Perhaps, you have decided that you would like to see a midwife over the course of your pregnancy journey. Midwives embrace a client-centered model of care that reinforces the normalcy of birth and are sensitive to the unique needs of individuals and their families. But what else will you get when you sign up for midwifery care? Here are five things that you might not know about working with a midwife:


1. Different kinds of midwives provide different options for care.

Midwives, although perhaps trained and created equally, are not all the same. The experience you will have working with one is largely dependent upon the type of midwife or midwifery practice you choose. 

Think about a birth setting that feels best or safest to you, and whether or not you need to account for particular medical or social conditions. Taking in factors like this can help you find the right fit. If your health status or personal preference compels you to give birth in a clinical environment, you will likely work with a Certified Nurse-Midwife (CNM), some of whom provide out-of-hospital options for birth. For those who prefer to stay away from the hospital, working with a Certified Professional Midwife (CPM), who has been trained to manage normal birth in non-clinical settings, might offer the greatest compatibility. For some, having access to time-tested traditions and anecdotes of their foremothers is an important aspect of their birth experience, in which case, a lay midwife may be just right. 

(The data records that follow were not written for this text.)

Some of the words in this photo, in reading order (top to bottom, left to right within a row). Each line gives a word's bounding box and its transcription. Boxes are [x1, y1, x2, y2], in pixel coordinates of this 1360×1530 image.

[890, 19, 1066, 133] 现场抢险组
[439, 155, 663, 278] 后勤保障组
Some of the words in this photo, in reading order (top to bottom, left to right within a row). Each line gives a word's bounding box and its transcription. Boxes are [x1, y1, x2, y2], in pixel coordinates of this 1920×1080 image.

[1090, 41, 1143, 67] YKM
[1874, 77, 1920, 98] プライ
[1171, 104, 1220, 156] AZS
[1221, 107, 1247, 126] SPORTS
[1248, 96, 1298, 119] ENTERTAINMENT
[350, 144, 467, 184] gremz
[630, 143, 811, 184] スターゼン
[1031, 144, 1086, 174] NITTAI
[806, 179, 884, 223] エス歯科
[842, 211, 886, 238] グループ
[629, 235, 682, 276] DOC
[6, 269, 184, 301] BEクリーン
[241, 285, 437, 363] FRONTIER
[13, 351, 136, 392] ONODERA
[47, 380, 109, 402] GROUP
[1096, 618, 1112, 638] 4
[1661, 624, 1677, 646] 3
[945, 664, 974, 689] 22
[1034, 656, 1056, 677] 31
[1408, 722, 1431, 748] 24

Some states only acknowledge certain types of midwives, which can be a significant factor when finding a practice that is ideally suited for you. Ultimately, don’t be shy about your opinions to whomever you are considering to help guide you to your perfect match.


2. Midwives are open to collaborative care.

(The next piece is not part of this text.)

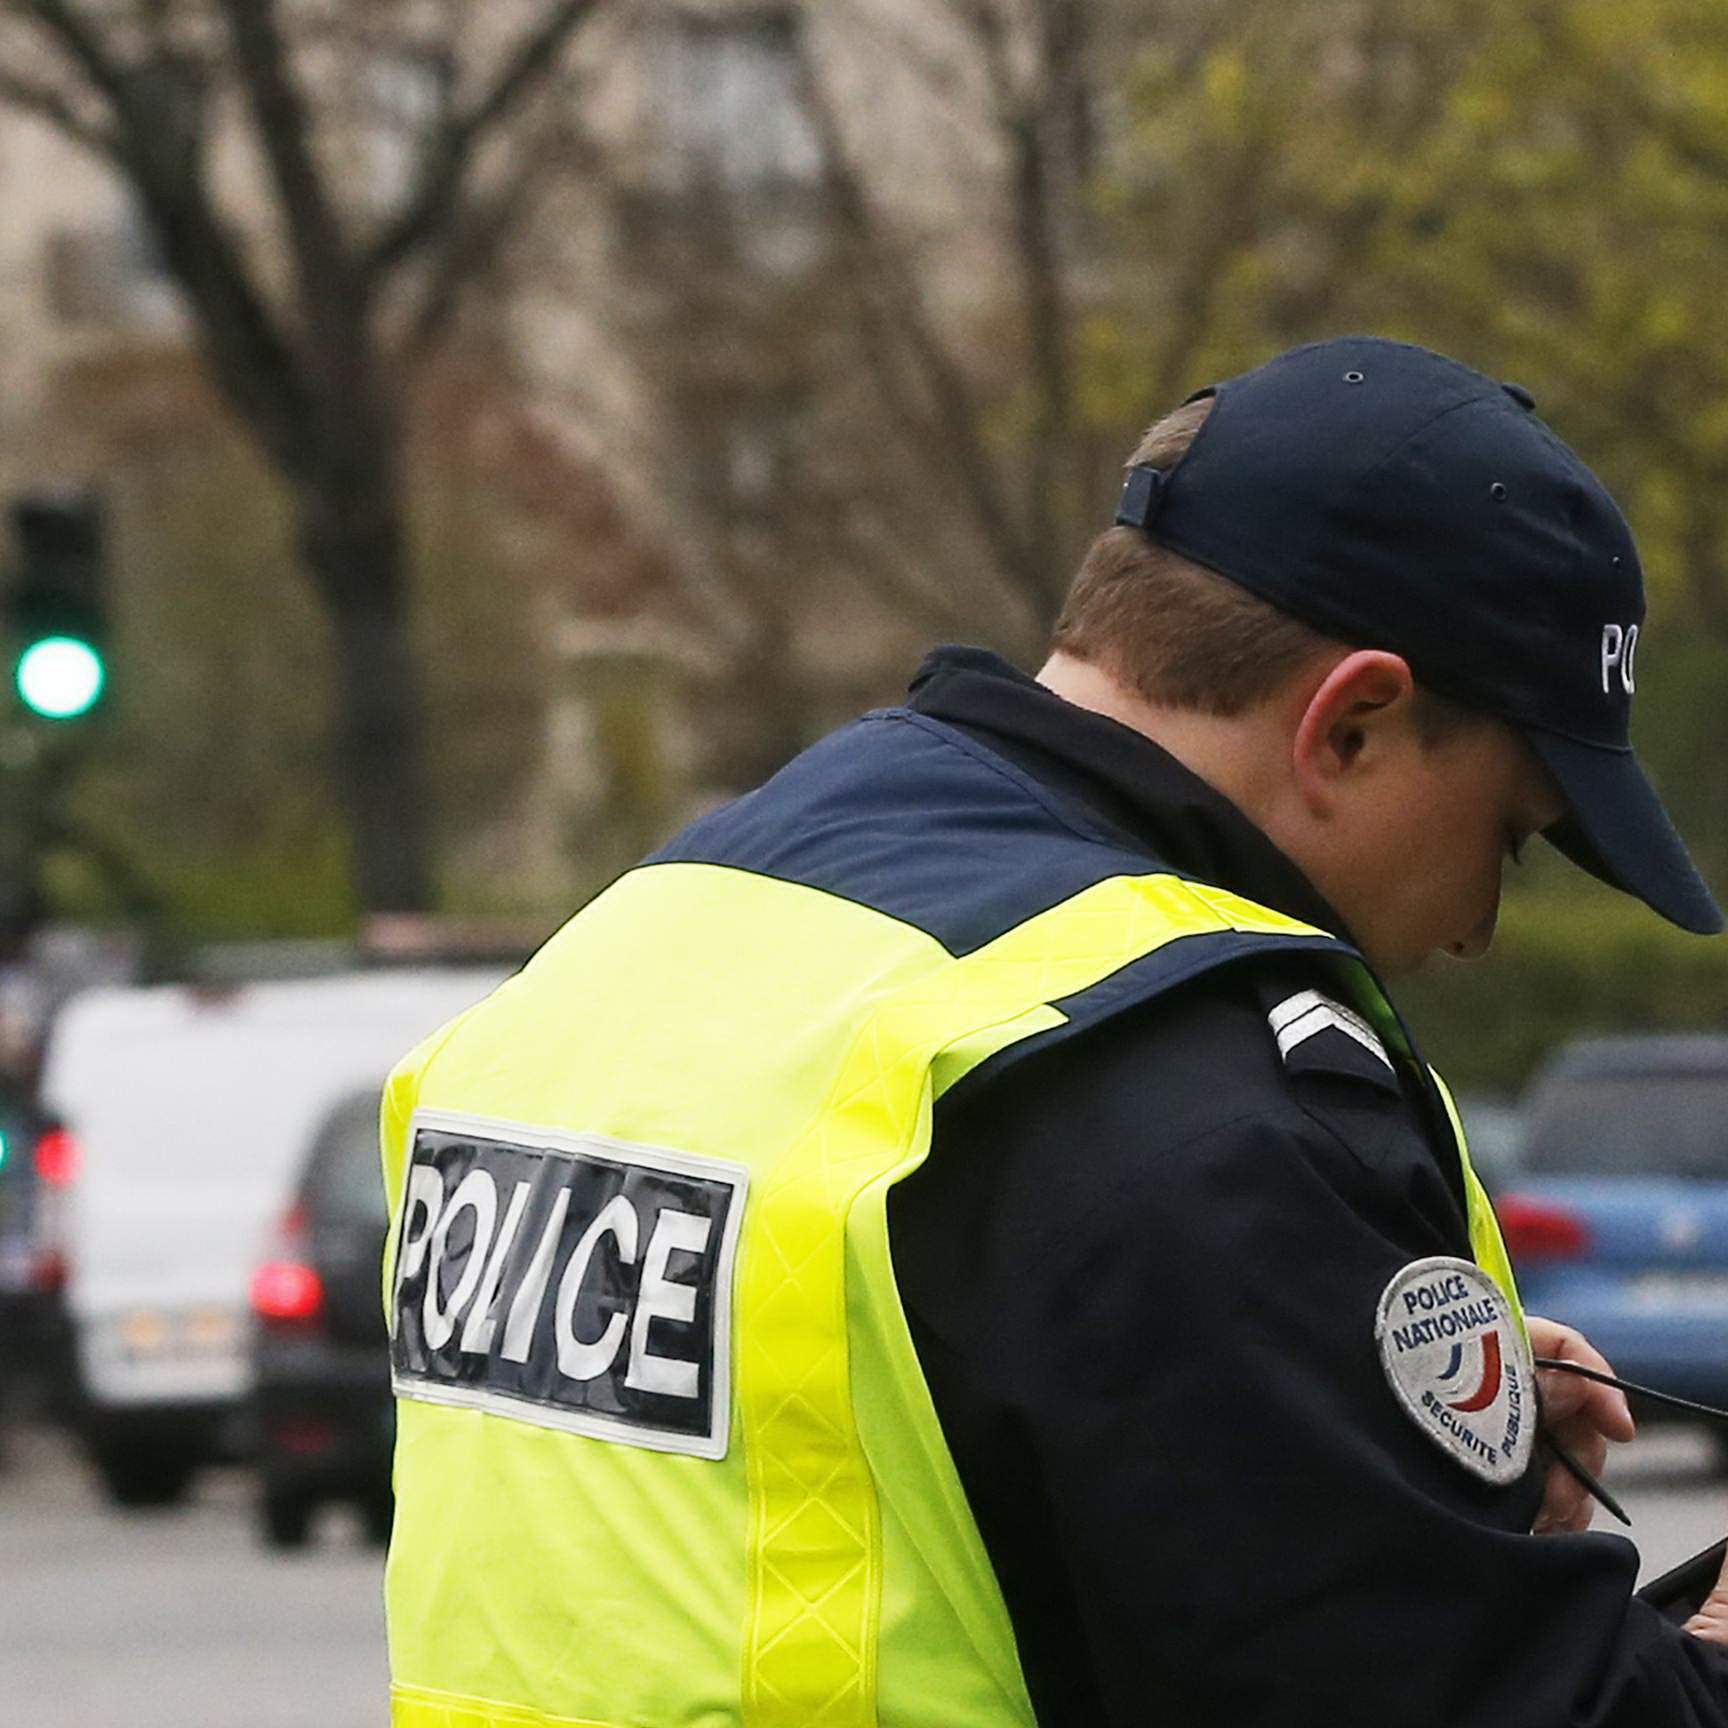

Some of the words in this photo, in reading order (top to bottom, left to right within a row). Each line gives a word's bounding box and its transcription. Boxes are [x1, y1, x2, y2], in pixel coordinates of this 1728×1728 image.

[392, 1163, 712, 1399] POLICE
[1403, 1274, 1470, 1315] POLICE
[1391, 1299, 1498, 1353] NATIONALE
[1421, 1389, 1497, 1466] SECURITE

Midwives are interested in supporting your optimal health throughout pregnancy and are more amicable than you might think when it comes to integrating alternative modalities that keep you feeling your best.

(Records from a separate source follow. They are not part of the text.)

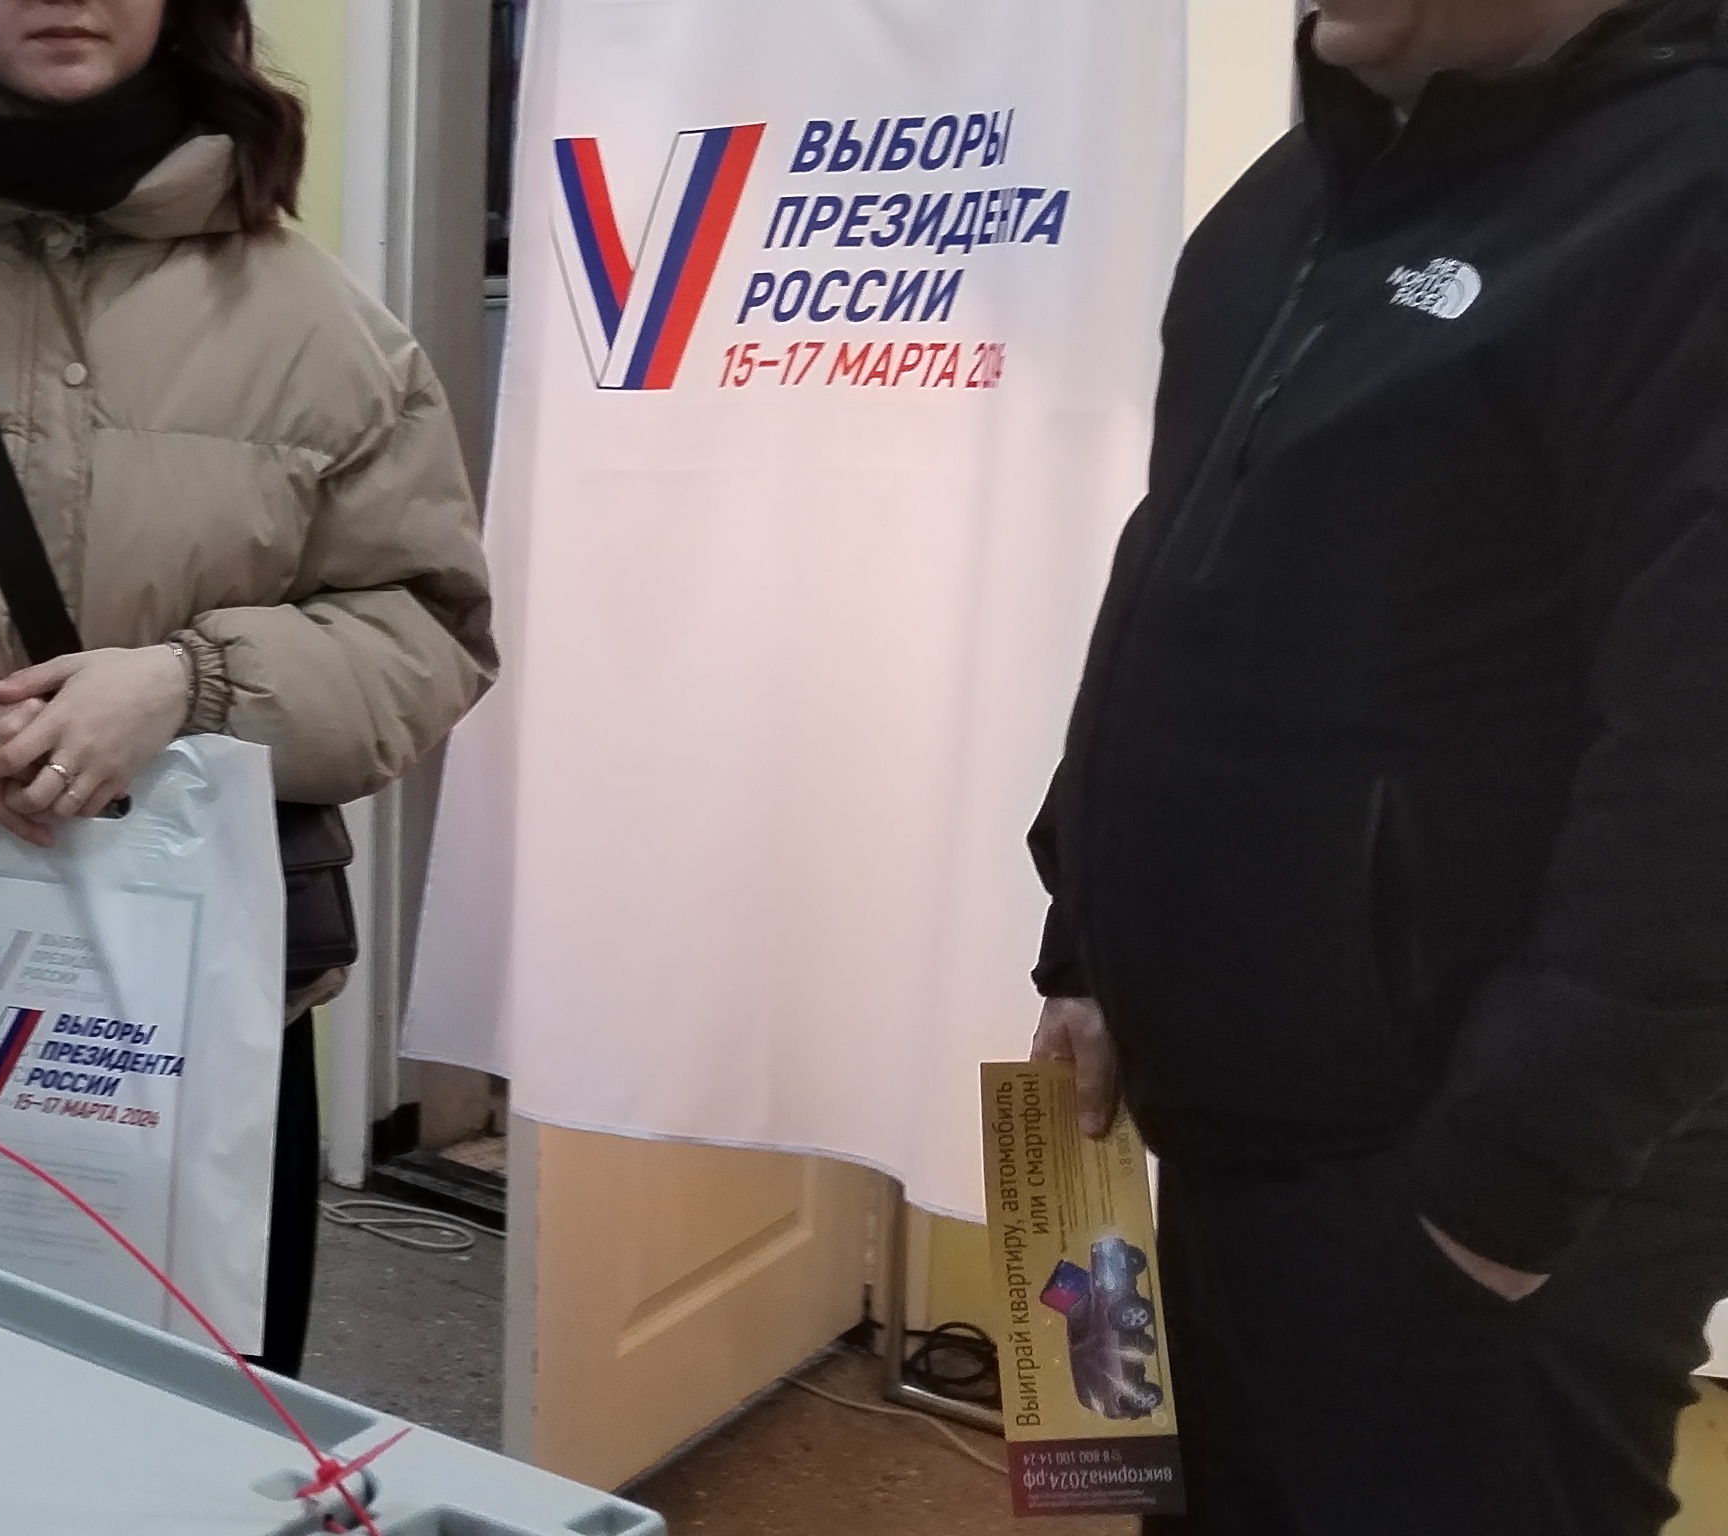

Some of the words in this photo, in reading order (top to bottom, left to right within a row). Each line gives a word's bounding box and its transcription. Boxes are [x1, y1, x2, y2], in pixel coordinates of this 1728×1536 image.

[789, 108, 1015, 173] ВЫБОРЫ
[736, 268, 964, 324] РОССИИ
[825, 341, 962, 388] МАРТА
[52, 1013, 159, 1046] ВЫБОРЫ
[38, 1040, 186, 1078] ПРЕЗИДЕНТА
[25, 1068, 123, 1098] РОССИИ
[60, 1098, 119, 1124] МАРТА
[118, 1106, 162, 1129] 2024
[1017, 1072, 1048, 1188] смартфон!
[992, 1081, 1020, 1212] автомобиль
[1030, 1195, 1050, 1235] или
[1003, 1219, 1033, 1325] квартиру,
[1008, 1330, 1041, 1427] Выиграй
[1023, 1465, 1172, 1490] викторина2024.рф

Open communication is the safest strategy. For example, if there are special considerations to make regarding how your chiropractor or massage therapist should adjust to your pregnancy, then your midwife can discuss that with you. Additionally, there may be circumstances that arise during the course of your care that would benefit from acupuncture, craniosacral therapy, or some other complementary modalities with proven success for treating your specific issue. It can be educational and emotionally nourishing to have a midwife on board to offer alternative perspectives during a very classical course of care.

3. Midwives don't force women to have unmedicated births.

While the profession of midwifery may reach back to antiquity, many of the options available to assist women during their labor and birth are planted in modern medicine. Midwives are skilled care providers and are connected to the ever-changing dynamics in medicine. As methods of pain relief have evolved, midwives stay aware of what is in common use, even when they don’t offer it.  

In an effort to protect your physiological process, your midwife may strongly encourage you to persevere through the discomforts of labor using non-pharmaceutical techniques. However, in the event that you decide ‘enough is enough’ and you require relief, you will be supported in your journey even when it necessitates transport to a different setting and a change in their role.

Sometimes, pharmaceutical intervention is the best choice to avoid surgical birth, and sometimes surgical birth is the best choice to preserve the health of the birther and child. Your midwife knows this and should ways assist in helping your best interests.

4. Midwives can follow a healthy baby for at least six weeks.

Are you having trouble finding a pediatric practice that feels like the right fit? Not a problem. Midwives who attend births in out-of-hospital settings are not just experts on normal birth. They are also specialists in care for normal babies. 

Your midwife will do a thorough newborn exam just after the birth of your child and can spot and tell you when things appear out of alignment. Moving forward, the frequency of postpartum visits (a hallmark of homebirth midwifery) is precisely for close observation of you and your baby, to assess smooth transitioning, strong establishment of breastfeeding, and proper adjustment to extrauterine life.

Should there be a concern, a referral for immediate pediatric care, lactation support, or whatever therapy is most appropriate can be activated. The standard weight checks and assessments done in a pediatric office are part of your postpartum visit and can be done in the convenience and safety of your home.

5. Midwives are not doulas.

This may seem obvious, but often the roles are confused, leaving many families wondering if they need to have both a midwife and a doula. Yes, one thousand times yes!

Midwives, in whatever setting they work, are responsible for your clinical well-being. This does not exclude them from educating their clients or providing emotional or social support. Nor does it mean that they (depending on the setting) will not sit with you in labor and help you to cope with what you are experiencing. What it does mean is that they will need to stay on top of the medical aspects of your pregnancy, which includes monitoring your vital signs, the progression of your labor, and the health and safety of the baby until you both are stable in the postpartum.

Doulas are valuable team members who aid both families and midwives by providing educational resources during pregnancy, and offering continuous and informed presence throughout labor and birth. While the roles in many ways overlap, they are not the same. Including both midwives and doulas on your dream team is likely to result in the support you need to experience the birth you desire.


Pregnancy is a dynamic time that certainly becomes a bit easier to navigate when you have a reliable partner in care helping you along. The more clarity you have about what you would like to experience, the easier it becomes to create. Ask questions, and don’t be afraid to communicate your feelings. Remember, midwives are here to help people out.